Notes: In general, seniors or children, people with certain medical conditions (such as liver or kidney problems, heart disease, diabetes, seizures) or people who take other medications are more at risk of developing a wider range of side effects. For a complete list of all side effects, click here.

Tips

  • Immediate-release tablets can be administered either with or without food. Administer extended release tablets without food or alternatively, following a light meal (less than 300 calories). Swallow extended-release tablets whole, do not crush or chew.
  • Most people are started on a lower dosage which is gradually increased to reduce the risk of side effects such as drowsiness and low blood pressure.
  • Get up slowly when going from a lying down or sitting position to standing.
  • Can be given once daily, or divided into three doses per day depending on response and tolerability.
  • Talk to your doctor if you experience any changes in your mood or you develop anxiety, panic attacks, insomnia, get easily agitated, or have thoughts of suicide.
  • Seek urgent medical advice if you develop a high temperature, muscle rigidity or confusion.
  • Do not drive or operate machinery or perform hazardous tasks if quetiapine makes you sleepy or impairs your mental functioning.
  • Your doctor may need to monitor your blood sugar levels before quetiapine initiation and periodically thereafter as occasionally quetiapine can precipitate diabetes in some people. Talk to your doctor if you feel excessively thirsty or are urinating more than normal.
  • Your doctor may also need to monitor your lipid levels on quetiapine initiation and periodically thereafter as quetiapine may increase LDL-cholesterol and triglyceride levels.
  • Quetiapine may make you gain weight. Ensure you eat healthy foods and keep up your physical activity levels as recommended by your doctor.
  • Antipsychotic agents, such as quetiapine, have been associated with a disruption in the ability to regulate body temperature. If you are taking quetiapine, avoid strenuous exercise, exposure to extreme heat, or dehydration.
  • Be careful when going from a sitting or lying down position to a standing position as quetiapine may make you feel dizzy or light headed, which may increase your risk of falling.
  • Do not take any other medication, including over-the-counter medication, without asking a doctor or pharmacist first if it is alright to take with quetiapine.
  • Do not stop taking this medicine suddenly. If you feel you are not gaining any benefit from this drug, or the side effects are intolerable, talk with your doctor about slowly discontinuing it.
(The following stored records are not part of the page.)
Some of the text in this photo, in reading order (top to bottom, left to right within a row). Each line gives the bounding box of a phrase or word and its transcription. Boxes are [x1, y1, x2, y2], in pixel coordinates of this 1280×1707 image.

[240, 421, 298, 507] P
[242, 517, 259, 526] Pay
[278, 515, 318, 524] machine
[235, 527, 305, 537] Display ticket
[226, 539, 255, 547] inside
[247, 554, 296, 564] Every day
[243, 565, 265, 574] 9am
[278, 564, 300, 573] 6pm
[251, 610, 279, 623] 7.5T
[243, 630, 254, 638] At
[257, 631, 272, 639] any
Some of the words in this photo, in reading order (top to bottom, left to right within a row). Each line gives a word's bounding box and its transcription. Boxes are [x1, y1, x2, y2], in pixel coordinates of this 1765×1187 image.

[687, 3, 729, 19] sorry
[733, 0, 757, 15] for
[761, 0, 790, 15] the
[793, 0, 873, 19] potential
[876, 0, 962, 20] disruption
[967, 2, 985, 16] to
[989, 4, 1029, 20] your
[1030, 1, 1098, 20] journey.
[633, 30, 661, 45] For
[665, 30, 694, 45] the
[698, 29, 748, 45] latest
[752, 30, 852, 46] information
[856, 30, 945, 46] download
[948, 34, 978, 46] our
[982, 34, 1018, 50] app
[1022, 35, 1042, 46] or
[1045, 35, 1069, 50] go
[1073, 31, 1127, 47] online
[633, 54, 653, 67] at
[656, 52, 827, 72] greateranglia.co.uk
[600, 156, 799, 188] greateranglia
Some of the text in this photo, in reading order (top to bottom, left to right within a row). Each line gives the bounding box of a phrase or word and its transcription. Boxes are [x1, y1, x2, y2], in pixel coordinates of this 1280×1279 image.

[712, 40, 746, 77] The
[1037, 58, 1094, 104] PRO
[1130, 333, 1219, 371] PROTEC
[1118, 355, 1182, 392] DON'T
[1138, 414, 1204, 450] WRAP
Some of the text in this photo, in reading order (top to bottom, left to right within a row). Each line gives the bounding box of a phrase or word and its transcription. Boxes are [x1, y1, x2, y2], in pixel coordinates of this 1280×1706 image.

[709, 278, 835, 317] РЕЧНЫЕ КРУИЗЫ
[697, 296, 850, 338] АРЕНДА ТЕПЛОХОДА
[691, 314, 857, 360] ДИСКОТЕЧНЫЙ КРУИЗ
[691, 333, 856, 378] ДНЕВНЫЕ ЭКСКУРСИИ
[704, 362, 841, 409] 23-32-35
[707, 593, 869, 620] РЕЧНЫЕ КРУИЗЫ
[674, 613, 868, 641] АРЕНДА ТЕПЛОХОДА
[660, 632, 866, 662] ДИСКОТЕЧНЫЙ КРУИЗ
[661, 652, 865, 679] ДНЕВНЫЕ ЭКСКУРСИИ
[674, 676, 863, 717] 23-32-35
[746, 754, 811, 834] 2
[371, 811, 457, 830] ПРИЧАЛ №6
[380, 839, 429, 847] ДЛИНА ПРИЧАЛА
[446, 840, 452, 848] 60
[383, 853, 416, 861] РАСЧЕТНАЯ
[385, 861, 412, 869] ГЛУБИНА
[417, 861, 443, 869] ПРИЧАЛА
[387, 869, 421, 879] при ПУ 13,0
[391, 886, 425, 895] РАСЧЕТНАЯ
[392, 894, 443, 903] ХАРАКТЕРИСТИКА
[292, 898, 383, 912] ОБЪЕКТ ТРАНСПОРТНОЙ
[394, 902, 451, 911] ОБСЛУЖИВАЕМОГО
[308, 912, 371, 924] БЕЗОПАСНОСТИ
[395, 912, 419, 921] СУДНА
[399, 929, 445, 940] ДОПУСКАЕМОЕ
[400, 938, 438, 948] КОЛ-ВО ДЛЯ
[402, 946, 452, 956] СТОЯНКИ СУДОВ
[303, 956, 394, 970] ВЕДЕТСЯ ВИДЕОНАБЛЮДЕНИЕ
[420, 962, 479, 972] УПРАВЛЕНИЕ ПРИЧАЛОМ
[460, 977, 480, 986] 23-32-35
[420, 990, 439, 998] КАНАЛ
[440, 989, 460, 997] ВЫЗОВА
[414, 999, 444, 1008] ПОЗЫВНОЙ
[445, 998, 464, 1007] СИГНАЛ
Quetiapine Breastfeeding Warnings

Based on milk samples from a mother who received quetiapine 200 mg daily throughout pregnancy and postpartum, it is estimated that an exclusively breastfed infant would receive 0.09% to 0.43% of a weight-adjusted maternal dose. Limited long-term follow-up of infants exposed to this drug during breastfeeding have shown generally normal development. However, due to the potential for serious adverse reactions in nursing infants and a lack of robust data, a decision should be made to discontinue breastfeeding or discontinue the drug, taking into account the importance of the drug to the mother.

Use is not recommended; a decision should be made to discontinue breastfeeding or discontinue the drug, taking into account the importance of the drug to the mother. Excreted into human milk: Yes Comments: If this drug is used, monitor infants for drowsiness and developmental milestones.